◆ **WHAT YOU HAVE TO DO**:
Every line of the data must be retyped exactly as it stands.

**** DATA SUPPLIED

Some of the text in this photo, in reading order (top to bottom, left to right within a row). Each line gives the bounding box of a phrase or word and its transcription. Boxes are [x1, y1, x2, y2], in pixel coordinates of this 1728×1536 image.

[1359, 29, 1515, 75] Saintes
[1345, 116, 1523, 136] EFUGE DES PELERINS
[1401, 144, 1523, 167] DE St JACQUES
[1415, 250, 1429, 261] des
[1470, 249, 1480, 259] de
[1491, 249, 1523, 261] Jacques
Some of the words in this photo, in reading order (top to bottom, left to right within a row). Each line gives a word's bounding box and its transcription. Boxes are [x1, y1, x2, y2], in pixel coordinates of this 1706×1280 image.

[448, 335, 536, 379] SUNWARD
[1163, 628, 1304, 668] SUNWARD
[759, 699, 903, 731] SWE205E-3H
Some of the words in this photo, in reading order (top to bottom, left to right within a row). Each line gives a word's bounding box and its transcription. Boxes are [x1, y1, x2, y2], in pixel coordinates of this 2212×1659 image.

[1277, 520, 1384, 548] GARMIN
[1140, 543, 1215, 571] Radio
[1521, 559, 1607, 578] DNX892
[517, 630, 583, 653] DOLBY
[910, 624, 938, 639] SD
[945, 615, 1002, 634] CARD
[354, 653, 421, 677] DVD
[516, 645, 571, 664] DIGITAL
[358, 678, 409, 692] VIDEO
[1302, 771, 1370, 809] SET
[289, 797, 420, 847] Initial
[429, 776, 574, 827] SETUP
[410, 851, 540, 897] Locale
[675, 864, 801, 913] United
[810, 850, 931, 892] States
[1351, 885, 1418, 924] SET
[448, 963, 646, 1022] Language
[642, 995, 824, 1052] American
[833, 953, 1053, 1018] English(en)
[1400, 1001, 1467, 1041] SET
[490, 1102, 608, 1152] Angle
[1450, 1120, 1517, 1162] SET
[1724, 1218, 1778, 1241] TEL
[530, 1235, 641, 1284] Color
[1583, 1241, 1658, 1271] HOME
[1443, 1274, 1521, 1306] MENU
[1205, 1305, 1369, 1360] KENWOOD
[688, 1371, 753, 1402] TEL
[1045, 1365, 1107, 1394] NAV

********

◆ **OUTPUT OF THE TASK**:
Some of the text in this photo, in reading order (top to bottom, left to right within a row). Each line gives the bounding box of a phrase or word and its transcription. Boxes are [x1, y1, x2, y2], in pixel coordinates of this 1728×1536 image.

[1359, 29, 1515, 75] Saintes
[1345, 116, 1523, 136] EFUGE DES PELERINS
[1401, 144, 1523, 167] DE St JACQUES
[1415, 250, 1429, 261] des
[1470, 249, 1480, 259] de
[1491, 249, 1523, 261] Jacques
Some of the words in this photo, in reading order (top to bottom, left to right within a row). Each line gives a word's bounding box and its transcription. Boxes are [x1, y1, x2, y2], in pixel coordinates of this 1706×1280 image.

[448, 335, 536, 379] SUNWARD
[1163, 628, 1304, 668] SUNWARD
[759, 699, 903, 731] SWE205E-3H
Some of the words in this photo, in reading order (top to bottom, left to right within a row). Each line gives a word's bounding box and its transcription. Boxes are [x1, y1, x2, y2], in pixel coordinates of this 2212×1659 image.

[1277, 520, 1384, 548] GARMIN
[1140, 543, 1215, 571] Radio
[1521, 559, 1607, 578] DNX892
[517, 630, 583, 653] DOLBY
[910, 624, 938, 639] SD
[945, 615, 1002, 634] CARD
[354, 653, 421, 677] DVD
[516, 645, 571, 664] DIGITAL
[358, 678, 409, 692] VIDEO
[1302, 771, 1370, 809] SET
[289, 797, 420, 847] Initial
[429, 776, 574, 827] SETUP
[410, 851, 540, 897] Locale
[675, 864, 801, 913] United
[810, 850, 931, 892] States
[1351, 885, 1418, 924] SET
[448, 963, 646, 1022] Language
[642, 995, 824, 1052] American
[833, 953, 1053, 1018] English(en)
[1400, 1001, 1467, 1041] SET
[490, 1102, 608, 1152] Angle
[1450, 1120, 1517, 1162] SET
[1724, 1218, 1778, 1241] TEL
[530, 1235, 641, 1284] Color
[1583, 1241, 1658, 1271] HOME
[1443, 1274, 1521, 1306] MENU
[1205, 1305, 1369, 1360] KENWOOD
[688, 1371, 753, 1402] TEL
[1045, 1365, 1107, 1394] NAV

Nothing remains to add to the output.